Yes, propane companies will loan bulk tanks out because they make a LOT of profit off of it. There were times in the recent past when the wholesale price was effectively negative. (refineries were paying people to take it)

One of the interesting aspects of your setup is that it is fairly similar to what is done to "blanket" tanks with a relatively inert gas. Engine exhaust has a reduced oxygen content, so in some applications, it is used to reduce fire risk.


----------



## motormonkey

HarryN makes an interesting point. The amount of butane in the tank could be a big part of the problem.

LP gas is supposed to be produced and marketed seasonally, just like gasoline. The rationale is to provide gas with fewer high-freezing-point components, (or high-boiling-point components) like butane, in the mix in the cold winter months. They can get by with more of these components in the mix in the warmer summer months.

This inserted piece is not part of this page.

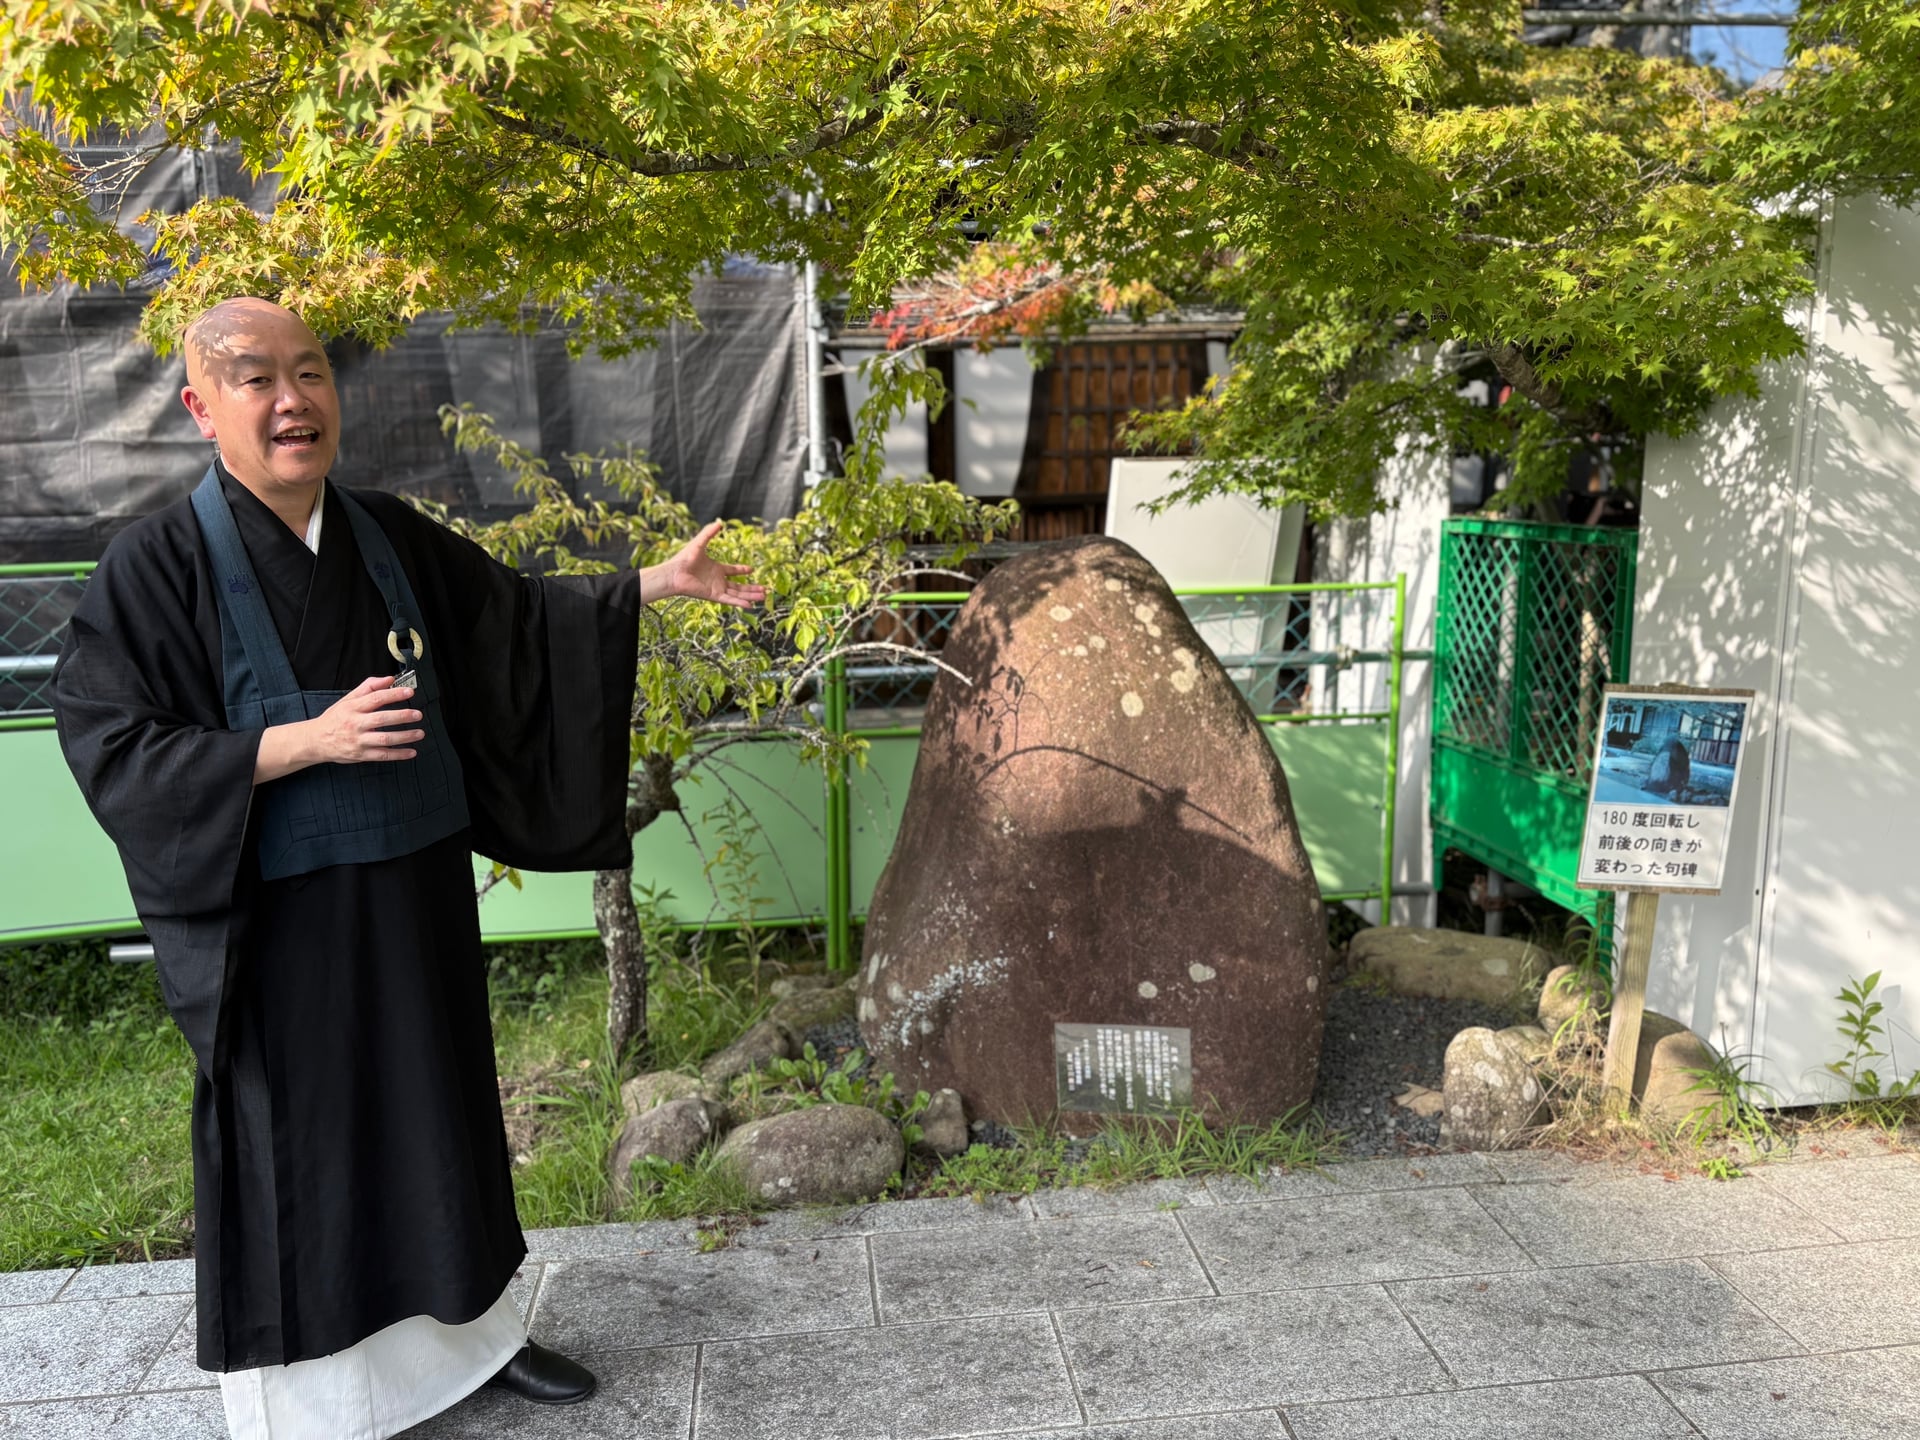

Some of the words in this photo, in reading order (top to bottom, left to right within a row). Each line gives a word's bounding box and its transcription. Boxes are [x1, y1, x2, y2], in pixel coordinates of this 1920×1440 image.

Since seasons may change before a tank or supply is exhausted, this may not always assure that you are getting a summer or a winter mix during the appropriate season. Where and when you buy your gas could affect the amount of butane in it.

It might be worth making the effort to try to find out what the butane content of the gas you're getting is. Your local LP gas company may be able to tell you what they currently have in their tanks, and you can buy accordingly.


----------



## pepperpikker

We used to live in a small home that had two 100 lb tanks. I know I used to deal with them by myself so they can't be all that heavy. I would think two people could deal with them just fine. Maybe a 100 lb tank which more than double the size you use now would be adequate to prevent freeze up. They are about 4 feet or so tall.


----------



## Gizmo

I have used the Powerblanket heaters on my two 30 lb tanks for 3 years now in the winter months (4-5 months continuously 24/7) without any issues! This helps to get full output from propane heaters in the cold weather.

My 2 cents worth!
Gizmo


----------



## iowagold

motormonkey said:


> HarryN makes an interesting point. The amount of butane in the tank could be a big part of the problem.
> 
> LP gas is supposed to be produced and marketed seasonally, just like gasoline. The rationale is to provide gas with fewer high-freezing-point components, (or high-boiling-point components) like butane, in the mix in the cold winter months. They can get by with more of these components in the mix in the warmer summer months.
> 
> Since seasons may change before a tank or supply is exhausted, this may not always assure that you are getting a summer or a winter mix during the appropriate season. Where and when you buy your gas could affect the amount of butane in it.
> 
> It might be worth making the effort to try to find out what the butane content of the gas you're getting is. Your local LP gas company may be able to tell you what they currently have in their tanks, and you can buy accordingly.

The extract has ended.